Las 12.02 horas. Cruce de Blanes. Semáforo en plena N-II. Cinco minutos de cola. Cruzado el seco Tordera y después de una cuesta que ascendemos en lenta cola, la carretera se bifurca. La autopista del Maresme, para los que quieran conducir como Dios manda: peaje. Mientras que, tal como ha anunciado el tipo de la gasolinera, la N-II se convierte en una calle de pueblo. Mejor dicho: de pueblos. No hay solución de continuidad entre los municipios. Palafolls, Malgrat, Santa Susanna, Pineda, Calella, Canet, Arenys... El Maresme costero es hoy en día un fabuloso Cafarnaúm. Agricultura intensiva, turismo, industrias, infinitas construcciones, naves, chiringuitos, hoteles, rascacielos, casitas menestrales, prostíbulos, tiendas mil. Limpieza y fealdad, mar y cutrerío, belleza y caos. Turistas rubios, labradores negros, cocineros amarillos, un burro, rotondas que parecen garden center, coches y camiones a barullo, coches hasta el vómito, peatones que cruzan la N-II como Pedro por su casa, túneles, semáforos y una incesante galería de negocios y viviendas mezcladas con huertos muy bien peinados, montículos polvorientos y deliciosas franjas de azul marino para calmar un poco la vista antes de regresar al caos. El territorio está completamente machacado, pero el bullicio humano que habita estos pagos y circula por esta inexistente carretera tiene el aspecto risueño y gordito de los ángeles barrocos. El Maresme es un gran altar barroco dedicado al dios de los excesos. Después de múltiples interrupciones, embudos y colapsos, llego al desvío de Mataró a las 13.35 horas.

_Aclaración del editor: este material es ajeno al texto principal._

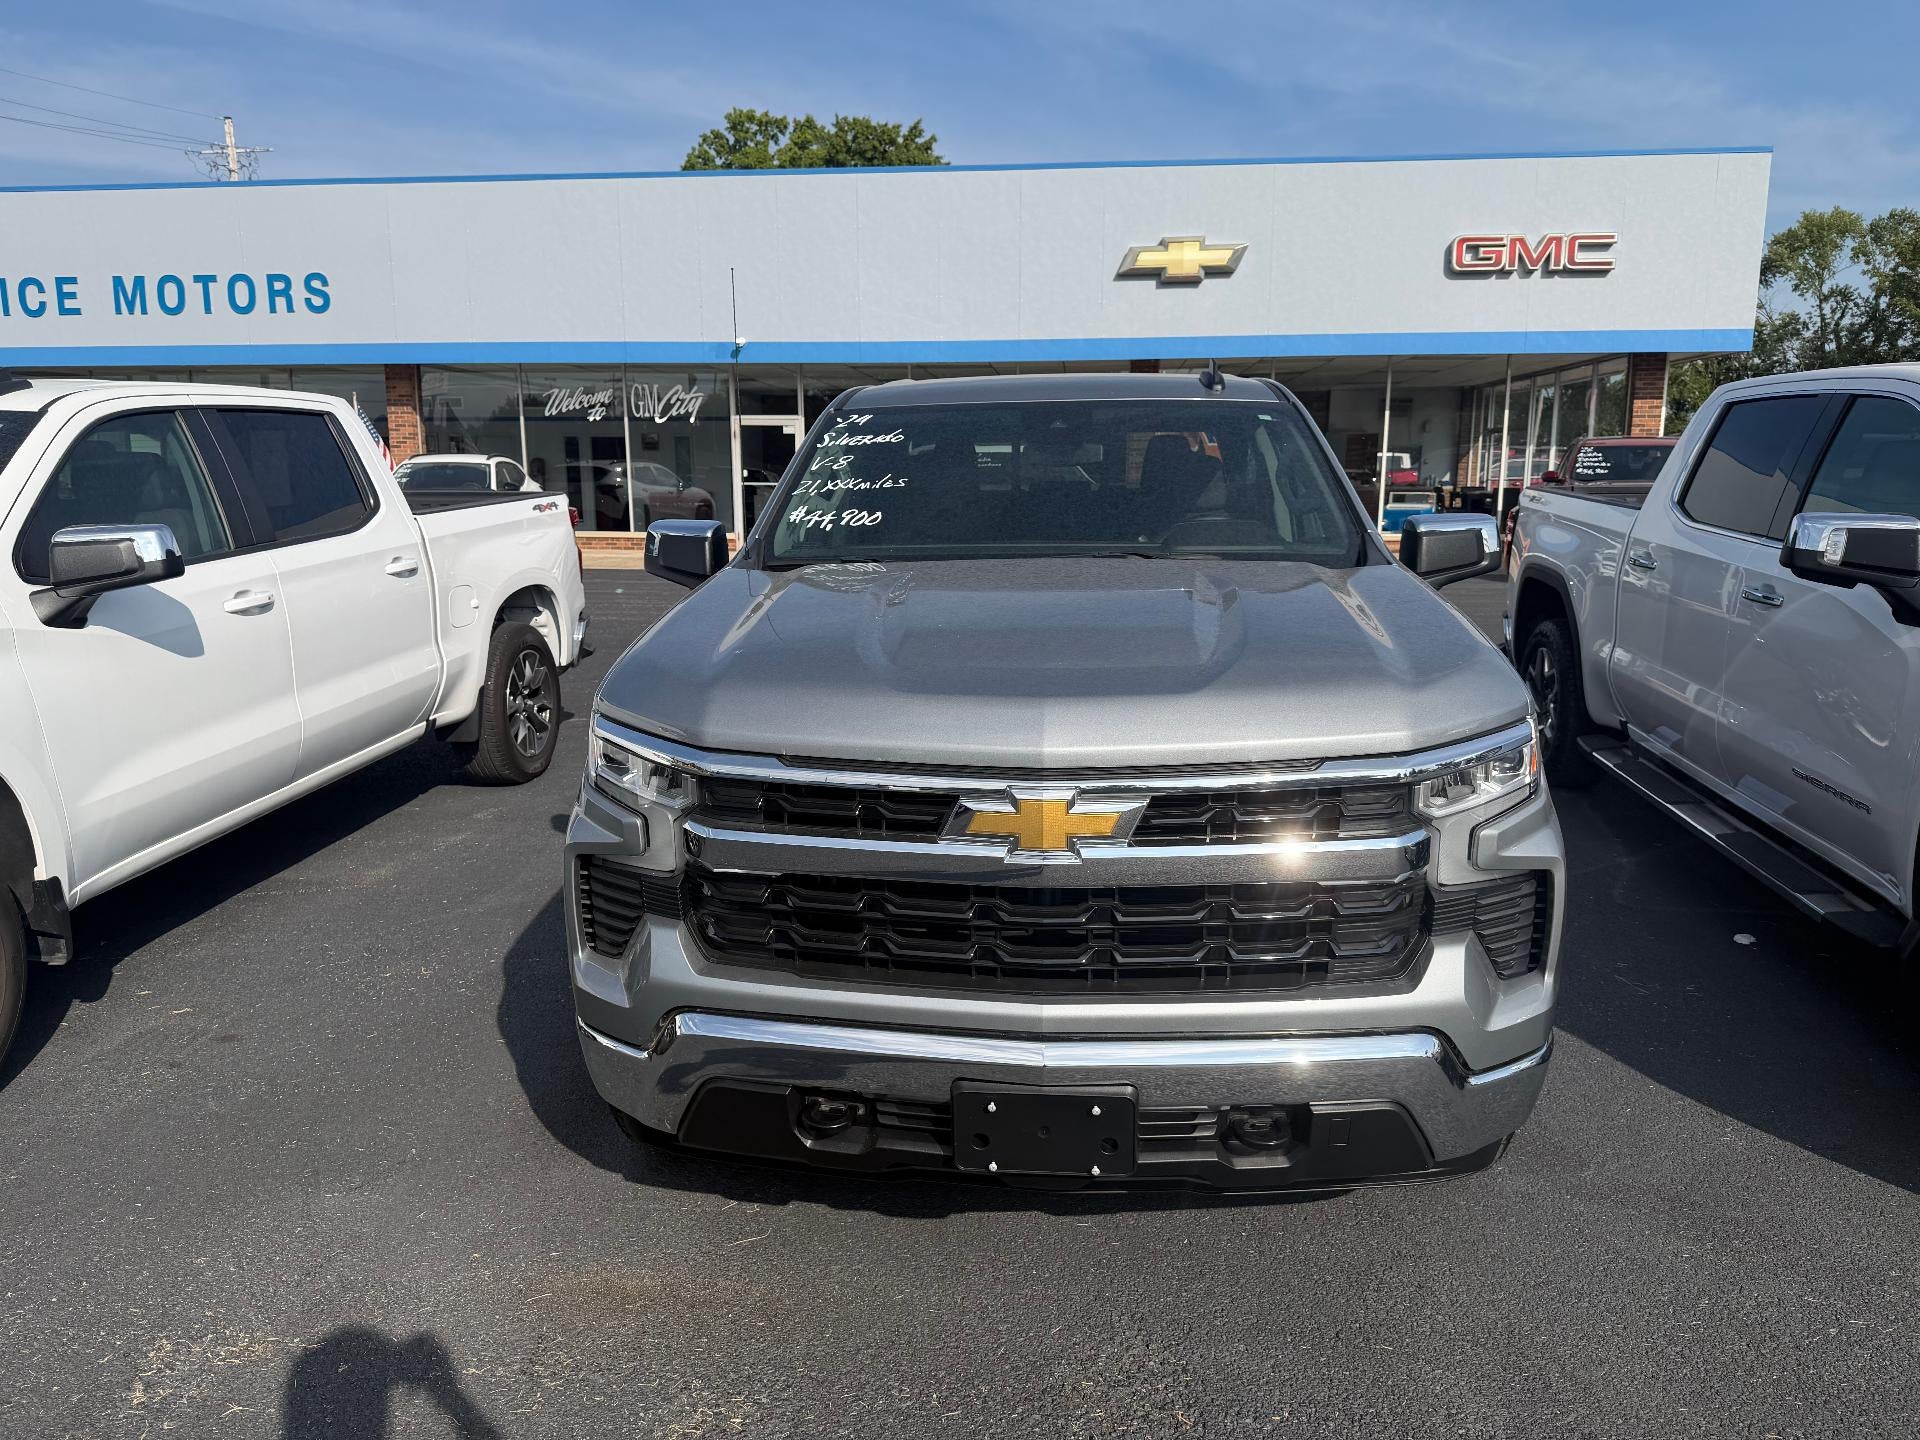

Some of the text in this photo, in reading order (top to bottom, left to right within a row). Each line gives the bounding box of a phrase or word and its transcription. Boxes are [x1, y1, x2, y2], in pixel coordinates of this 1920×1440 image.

Digo desvío porque, para sortear Mataró, los coches de la N-II acceden gratuitamente a la autopista del Maresme. Asciendo a la montaña. Allí el exceso se domestica. La fealdad se hace invisible. Urbanizaciones de lujo, apareados varios. Los pinares ligan de maravilla con el mar de fondo. Se acaba la gratuidad y la N-II regresa a la línea costera. Vilassar, Premià y El Masnou parecen gemelas. Avanzamos en espesa y fatigosa caravana. Las casas noucentistas y modernistas emergen entre el caos y el exceso, para recordar que, en este trocito de costa, los ricos de 100 años atrás inventaron el veraneo. El itinerario está decorado por anoréxicas palmeras, ennegrecidas por el humo del tráfico. De repente, pasado El Masnou, emergen los tres dedos monstruosos de la térmica del Besòs. ¡Estoy llegando! Entre Montgat y Badalona, el escenario toma un perfil más urbano y fabril. Unas madres cruzan la carretera arrastrando a los niños hacia la playa. Al menos esto hemos ganado: que los hipotecados pisitos de las familias obreras parezcan apartamentos costeros. En Badalona, debo desviarme por la C-31. Como un Guadiana, la N-II desaparece. La recupero poco antes de entrar en Sant Adrià. A pesar del tremendo calor, el Besòs no está seco. De repente estoy en la Rambla de Guipúscoa. Son las 14.10 horas. Casi tres horas de instructivo viaje.